One important endpoint that has sadly been disregarded in most of the pertinent literature is hardware penetration, be it screws or the glenoid component itself, through the scapula. More often than not, the severe bone loss seen with advanced OA of the shoulder necessitates some deviation from neutral version to achieve better bone purchase. Also, a perfectly level component per se will not guarantee the best outcome if one or more screws affect periscapular structures, including nerves and vessels. Molonly et al. reported on the risk of suprascapular nerve damage by superior glenoid component screws, which often travel as close as 2 mm from the nerve [20]. Wang et al. report on a case of suprascapular nerve damage by a perforating superior screw in a patient receiving a reverse total shoulder replacement [30]. Hart et al. showed that in 3 out of 10 cadaveric specimens, a posterior screw touched either the suprascapular nerve or artery. These potentially catastrophic complications should be included in glenoid positioning [9].

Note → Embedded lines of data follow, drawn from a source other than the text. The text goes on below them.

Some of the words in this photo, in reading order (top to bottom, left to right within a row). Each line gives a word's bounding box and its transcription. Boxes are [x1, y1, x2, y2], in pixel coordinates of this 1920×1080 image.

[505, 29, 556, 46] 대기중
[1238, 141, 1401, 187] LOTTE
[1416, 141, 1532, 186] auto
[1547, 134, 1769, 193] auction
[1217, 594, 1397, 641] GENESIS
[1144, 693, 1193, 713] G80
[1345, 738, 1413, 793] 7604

The most commonly discussed point in navigated total joint replacement, be it for the shoulder or any other joint, is if the added complexity and increased OR time is offset by the incremental clinical benefit. Our data suggested that the improvement in version is statistically significant, but at 6° not substantial in size. Prior similar discussion of navigation for total knee replacement have shown that somewhat axiomatically chosen cut offs for increased risk of failure, such as 2° of valgus/varus for the knee, were not substantiated in large registry analyses [1, 17]. The same might very well be true for the shoulder, showing that a 6° change in version might not effect glenoid loosening substantially, especially in comparison to other risk factors such as cementing technique or implant design [28]. Unfortunately, no data exist on either changes in operative time or costs or failure rates with navigated and standard shoulder replacement banning an ideas of a cost-effectiveness analysis into the realm of speculative interpretation.

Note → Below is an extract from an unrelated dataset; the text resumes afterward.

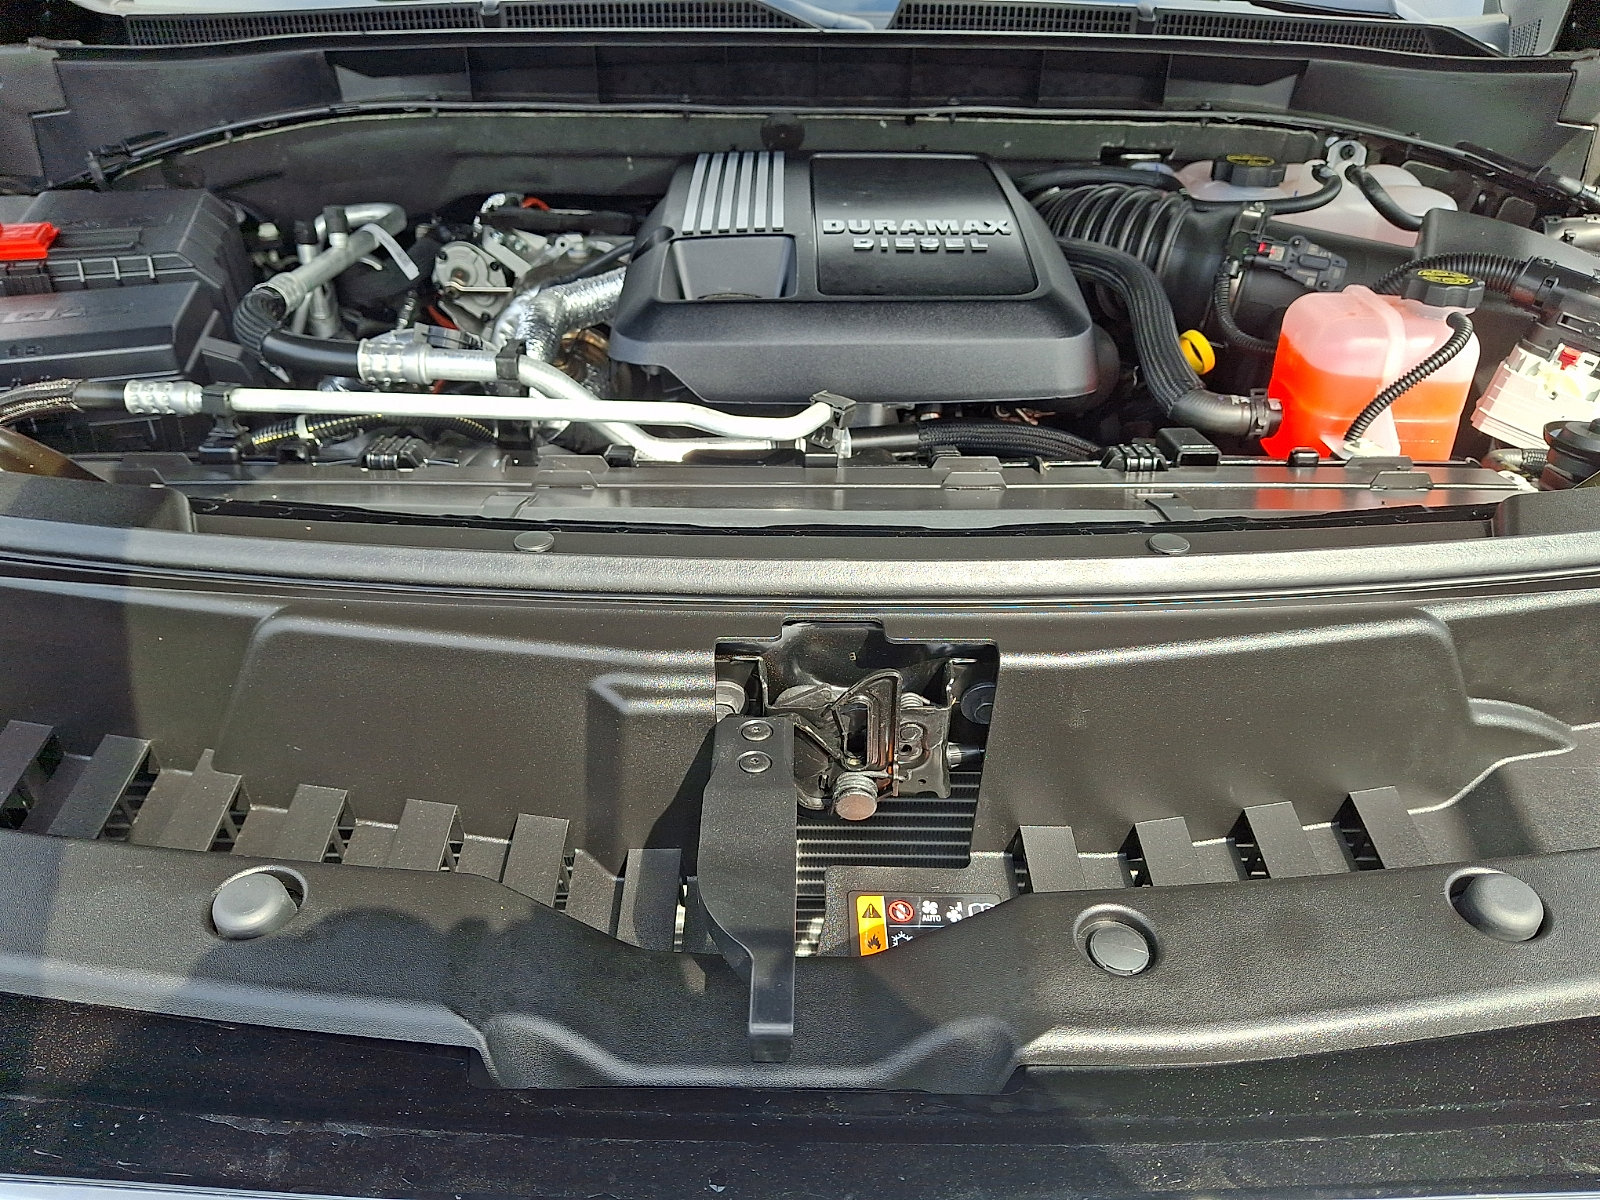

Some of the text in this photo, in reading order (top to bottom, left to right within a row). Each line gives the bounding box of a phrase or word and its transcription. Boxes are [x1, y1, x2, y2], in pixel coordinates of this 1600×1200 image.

[823, 219, 1012, 235] DURAMAX
[853, 238, 989, 252] DIESEL
[922, 914, 941, 922] AUTO

One beneficial aspect of navigated total joint replacement that has not been measured, or even mentioned, is its use as a teaching tool. While most high volume orthopedic surgeons will agree that navigation will not lead to a meaningful clinical improvement over standard procedures in but the worst cases, there is also considerable inherent agreement that the additional, quantitative visualization of the procedure is a valuable tool to improve surgical skills. Love et al. showed that computer navigation increases awareness to surgical errors such as moving cutting blocks or poor block fixation [16]. Schnurr et al. showed that computer navigation substantially improved accuracy of residents during early experiences with total knee replacement [24]. May be more interestingly, Iorio et al., in 2103, showed that the use of computer navigation can even improve surgical accuracy in surgeons with a wealth of TJR experience [11]. While it is likely that such a beneficial effect exists for total shoulder replacement as well, no data have been collected formally yet to support this notion.

Limitations

Our study has potential shortcomings. Like any meta-analyses, the validity of our findings depends on the validity of the primary studies. While the overall study quality of the included studies is low, such grading is not unusual, or not representative for that matter, for investigators of surgical and musculoskeletal issues. Secondly, the number of publications in this field is limited, and there is clinical heterogeneity. However, our formal assessment of heterogeneity has shown that a meta-analysis of the included data is possible and valid.

Conclusion

Navigation improves glenoid placement accuracy with statistical significance, but the clinical meaningfulness of the absolute improvement over standard techniques is questionable. However, navigation is a valuable teaching tool that might prove very beneficial not for the patient at hand, but for those treated by the operating surgeon in the future.